▶ Work order: Your task is to copy the records that follow exactly, minus any images.

▶ Provided records:
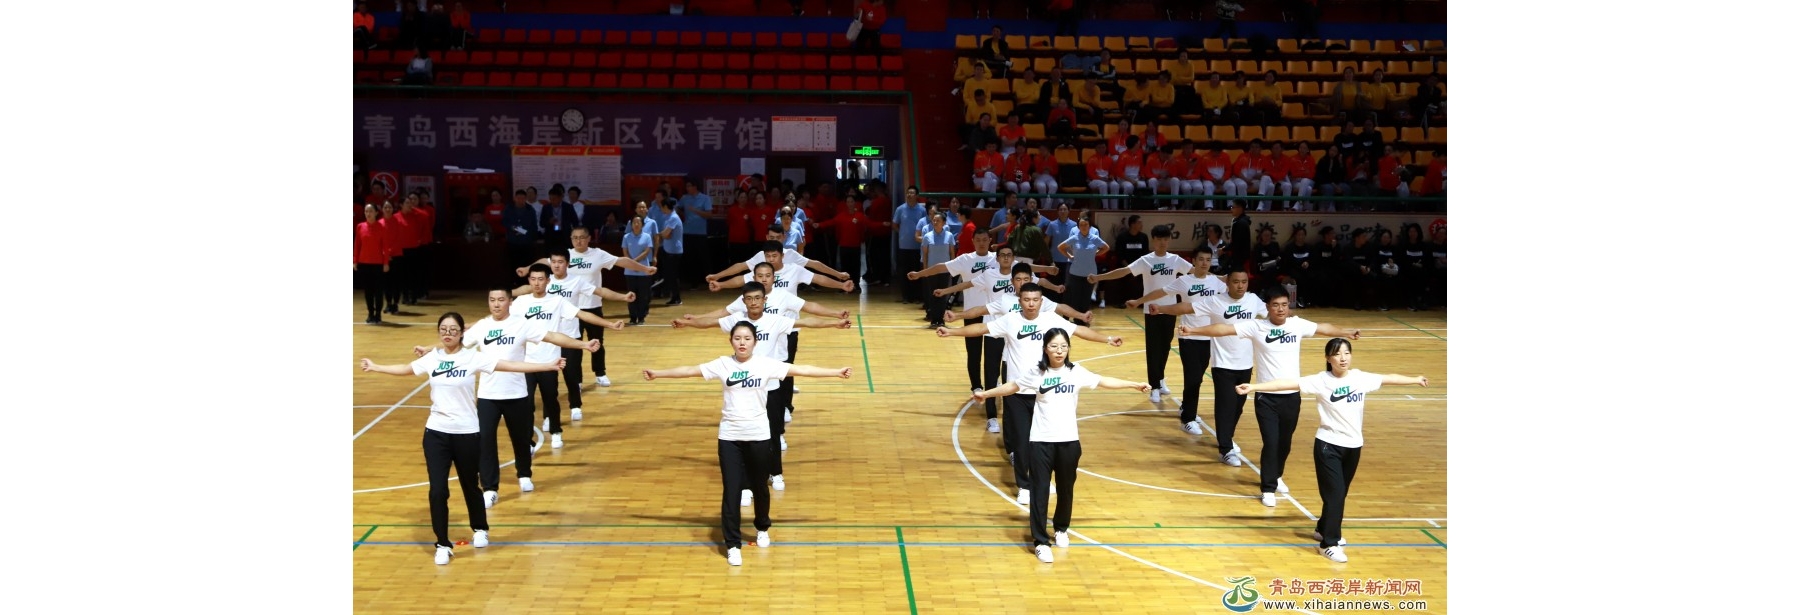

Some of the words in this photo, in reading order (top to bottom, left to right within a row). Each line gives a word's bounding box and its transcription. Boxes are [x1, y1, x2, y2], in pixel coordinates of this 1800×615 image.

[363, 114, 768, 150] 青岛西海岸新区体育馆
[487, 329, 503, 338] JUST
[437, 361, 454, 370] JUST
[731, 371, 749, 379] JUST
[1043, 377, 1061, 386] JUST
[1333, 386, 1350, 394] JUST

▶ Task result:
Some of the words in this photo, in reading order (top to bottom, left to right within a row). Each line gives a word's bounding box and its transcription. Boxes are [x1, y1, x2, y2], in pixel coordinates of this 1800×615 image.

[363, 114, 768, 150] 青岛西海岸新区体育馆
[487, 329, 503, 338] JUST
[437, 361, 454, 370] JUST
[731, 371, 749, 379] JUST
[1043, 377, 1061, 386] JUST
[1333, 386, 1350, 394] JUST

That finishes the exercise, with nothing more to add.